- _Task instructions_
Give all of the data below again exactly, and drop the images.

- _Dataset content_
[Start of Attachment]

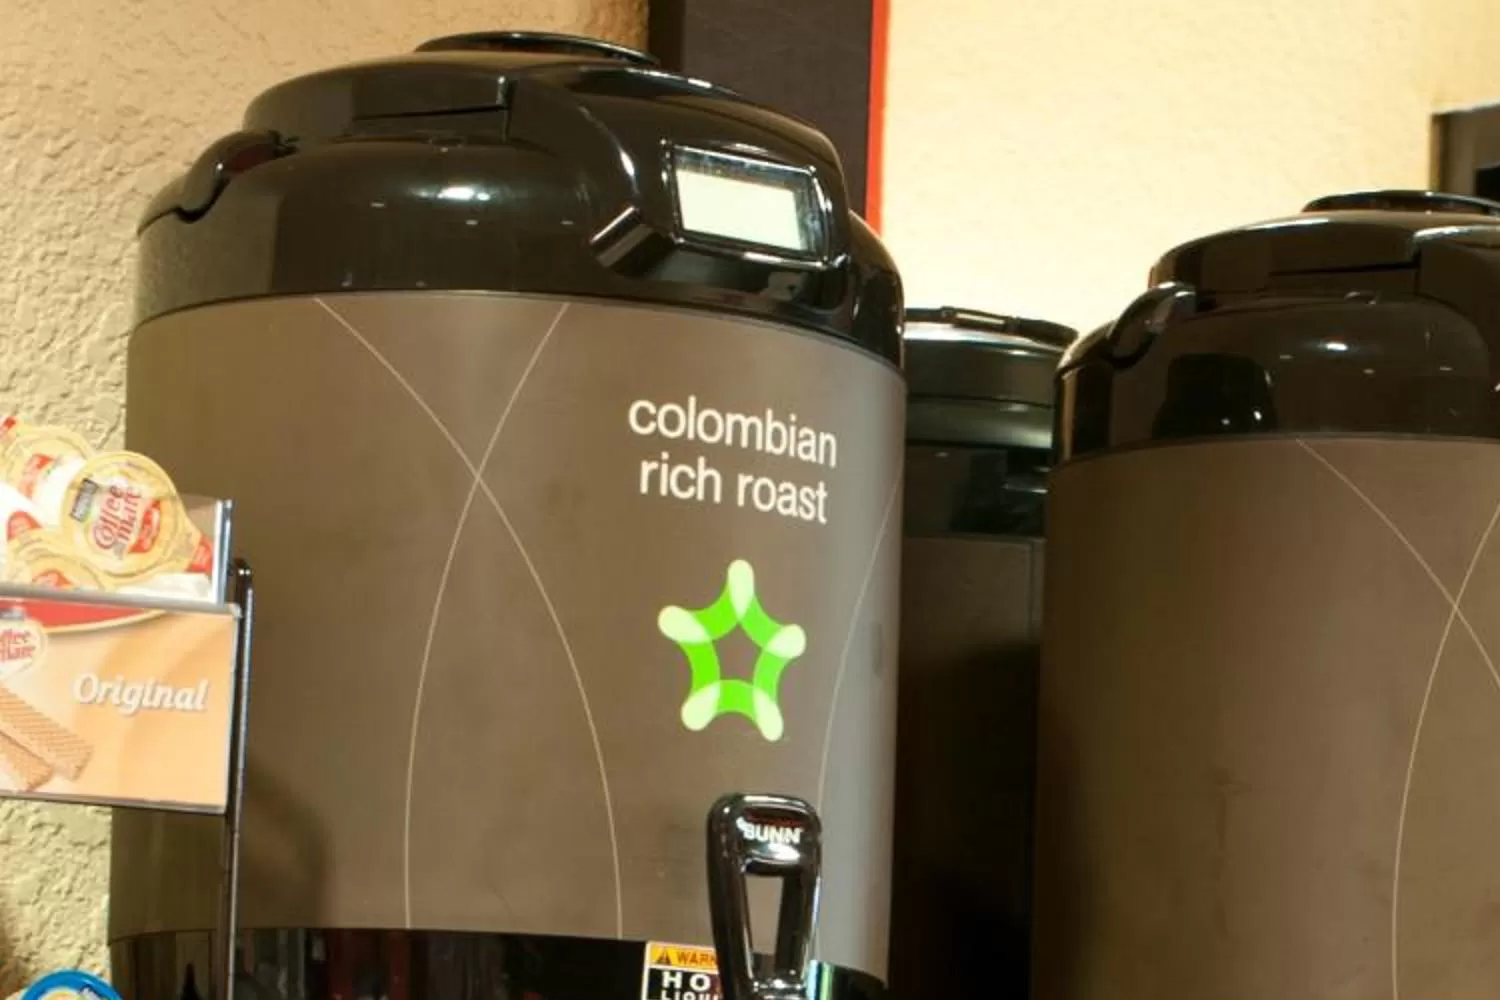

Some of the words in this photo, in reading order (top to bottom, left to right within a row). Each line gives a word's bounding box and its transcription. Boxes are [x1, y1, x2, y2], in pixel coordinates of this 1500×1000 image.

[628, 394, 838, 469] colombian
[639, 451, 723, 504] rich
[737, 473, 828, 525] roast
[73, 674, 209, 714] Original
[741, 822, 802, 843] BUNN
[662, 970, 712, 992] HO
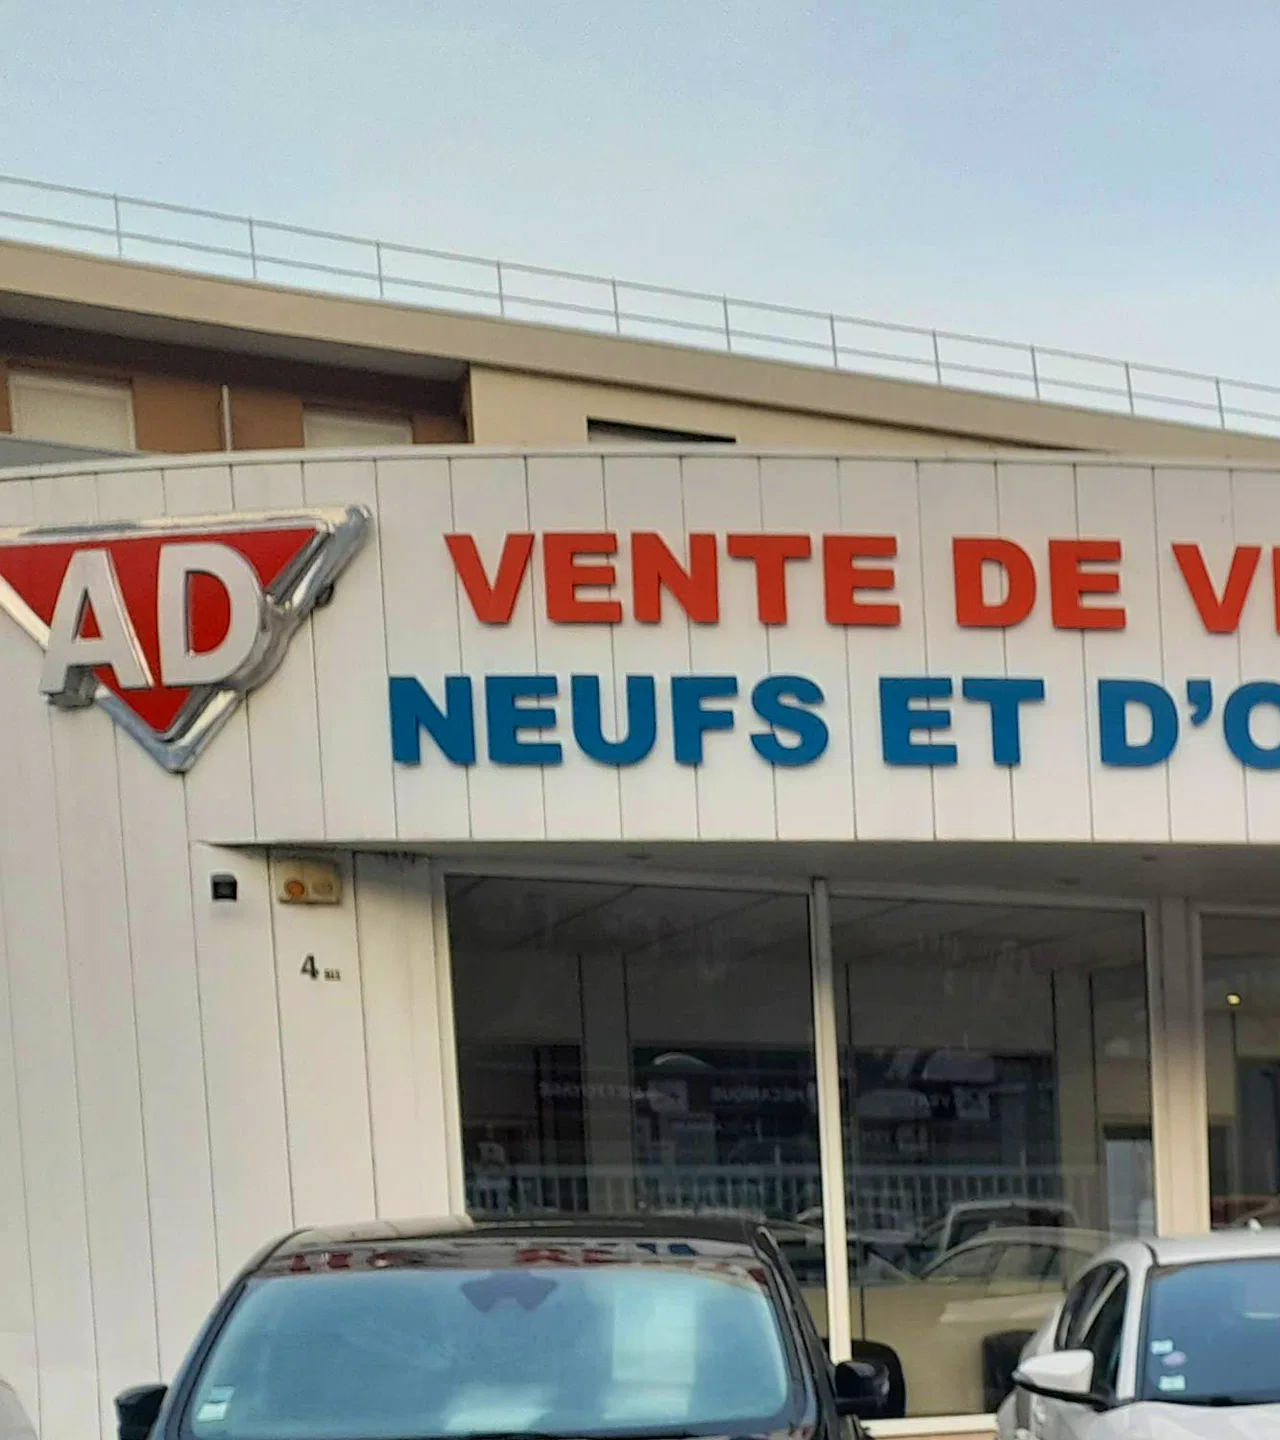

[End of Attachment]

- _Exercise result_
Some of the words in this photo, in reading order (top to bottom, left to right within a row). Each line gives a word's bounding box and its transcription. Boxes are [x1, y1, x2, y2], in pixel coordinates of this 1500×1000 image.

[628, 394, 838, 469] colombian
[639, 451, 723, 504] rich
[737, 473, 828, 525] roast
[73, 674, 209, 714] Original
[741, 822, 802, 843] BUNN
[662, 970, 712, 992] HO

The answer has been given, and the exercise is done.